§ **Your objective**: Your reply should consist of the entries, copied exactly and stripped of images.

§ **Source data**:
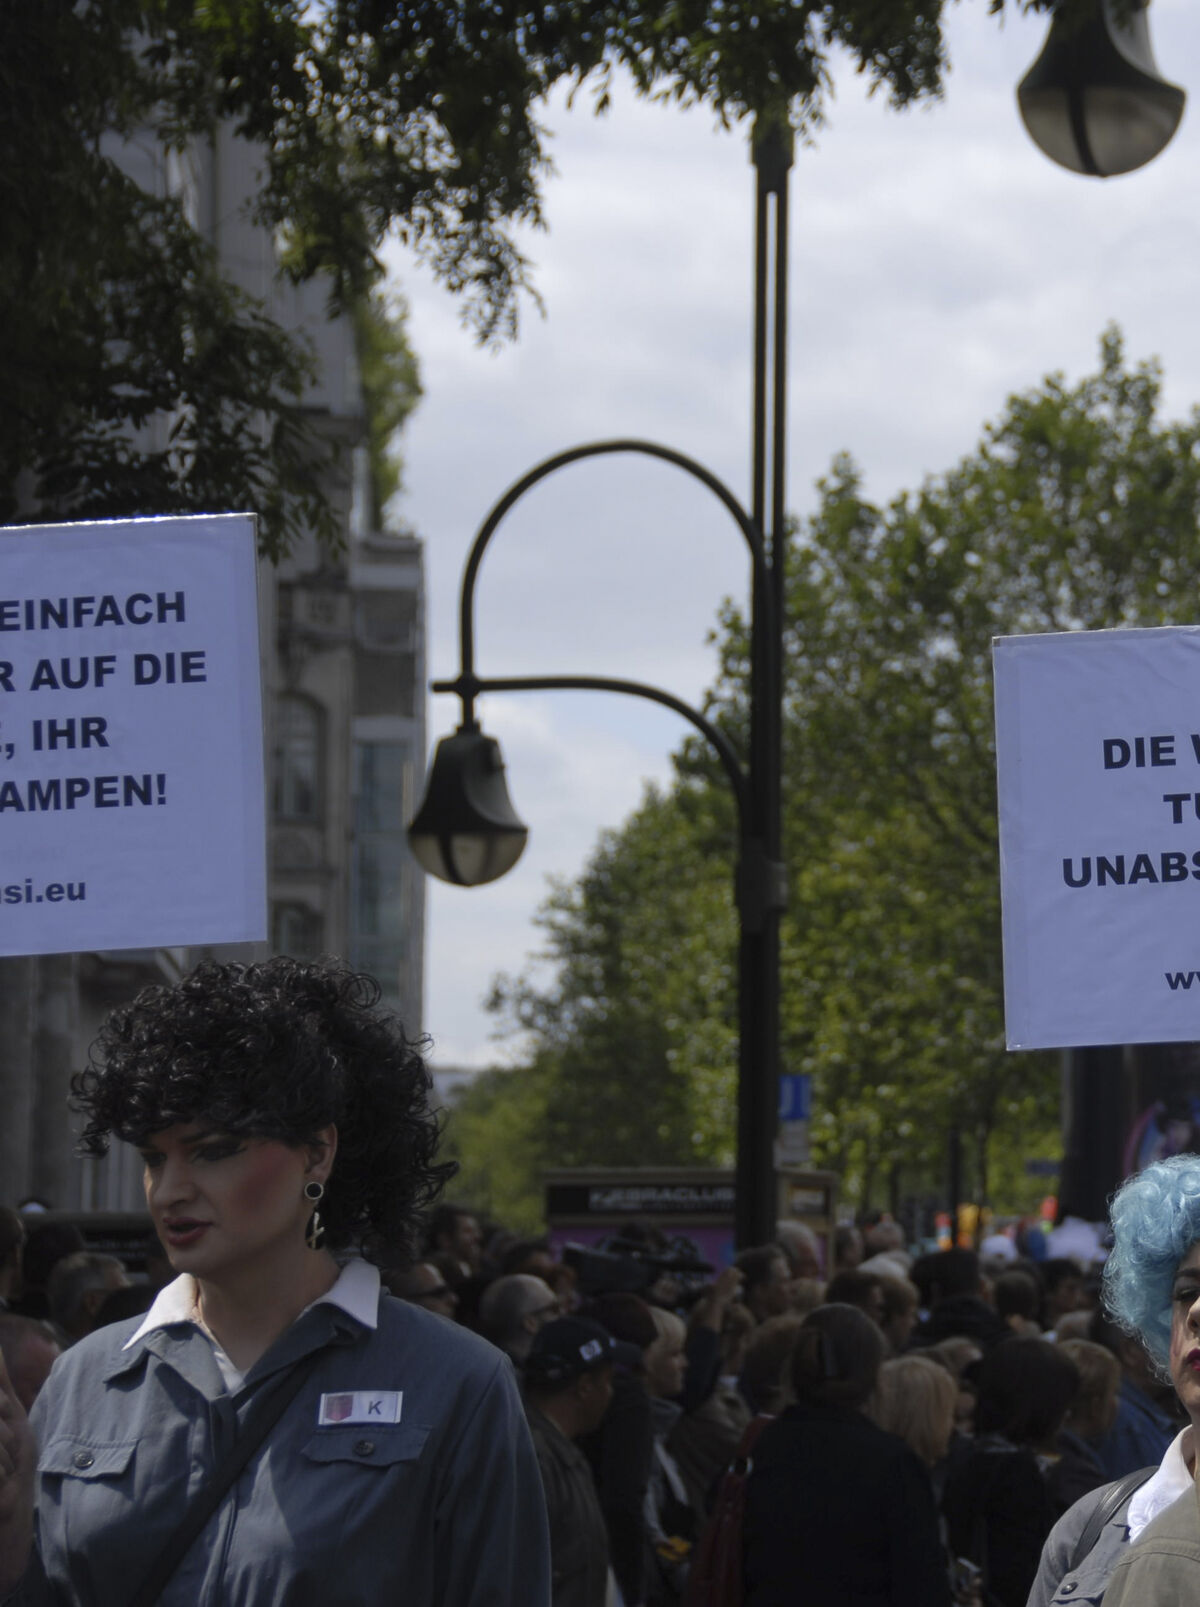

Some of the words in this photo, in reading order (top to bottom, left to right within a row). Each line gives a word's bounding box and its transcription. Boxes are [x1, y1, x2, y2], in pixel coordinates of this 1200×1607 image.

[0, 591, 186, 632] EINFACH
[29, 655, 117, 691] AUF
[134, 650, 207, 686] DIE
[32, 716, 110, 751] IHR
[1103, 735, 1177, 770] DIE
[0, 773, 166, 813] AMPEN!
[0, 878, 86, 905] si.eu
[367, 1400, 383, 1415] K

§ **Task solution**:
Some of the words in this photo, in reading order (top to bottom, left to right within a row). Each line gives a word's bounding box and its transcription. Boxes are [x1, y1, x2, y2], in pixel coordinates of this 1200×1607 image.

[0, 591, 186, 632] EINFACH
[29, 655, 117, 691] AUF
[134, 650, 207, 686] DIE
[32, 716, 110, 751] IHR
[1103, 735, 1177, 770] DIE
[0, 773, 166, 813] AMPEN!
[0, 878, 86, 905] si.eu
[367, 1400, 383, 1415] K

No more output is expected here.